Task brief: Word for word, reproduce every record in the listing below.

[Source data — start]

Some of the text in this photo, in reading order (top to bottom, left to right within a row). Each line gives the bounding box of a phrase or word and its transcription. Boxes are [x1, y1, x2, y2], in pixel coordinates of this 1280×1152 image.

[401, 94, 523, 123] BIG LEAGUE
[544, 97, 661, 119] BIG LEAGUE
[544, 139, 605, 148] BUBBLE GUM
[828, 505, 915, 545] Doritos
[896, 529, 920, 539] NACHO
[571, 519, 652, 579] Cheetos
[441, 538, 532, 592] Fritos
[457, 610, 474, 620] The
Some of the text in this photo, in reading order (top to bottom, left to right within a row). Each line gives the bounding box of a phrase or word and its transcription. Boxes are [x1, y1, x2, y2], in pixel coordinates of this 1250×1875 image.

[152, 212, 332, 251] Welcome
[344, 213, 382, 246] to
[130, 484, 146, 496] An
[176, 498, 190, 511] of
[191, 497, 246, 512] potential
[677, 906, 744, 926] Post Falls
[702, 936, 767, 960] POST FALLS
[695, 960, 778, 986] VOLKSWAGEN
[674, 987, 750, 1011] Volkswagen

[Source data — finish]

Finished task:
Some of the text in this photo, in reading order (top to bottom, left to right within a row). Each line gives the bounding box of a phrase or word and its transcription. Boxes are [x1, y1, x2, y2], in pixel coordinates of this 1280×1152 image.

[401, 94, 523, 123] BIG LEAGUE
[544, 97, 661, 119] BIG LEAGUE
[544, 139, 605, 148] BUBBLE GUM
[828, 505, 915, 545] Doritos
[896, 529, 920, 539] NACHO
[571, 519, 652, 579] Cheetos
[441, 538, 532, 592] Fritos
[457, 610, 474, 620] The
Some of the text in this photo, in reading order (top to bottom, left to right within a row). Each line gives the bounding box of a phrase or word and its transcription. Boxes are [x1, y1, x2, y2], in pixel coordinates of this 1250×1875 image.

[152, 212, 332, 251] Welcome
[344, 213, 382, 246] to
[130, 484, 146, 496] An
[176, 498, 190, 511] of
[191, 497, 246, 512] potential
[677, 906, 744, 926] Post Falls
[702, 936, 767, 960] POST FALLS
[695, 960, 778, 986] VOLKSWAGEN
[674, 987, 750, 1011] Volkswagen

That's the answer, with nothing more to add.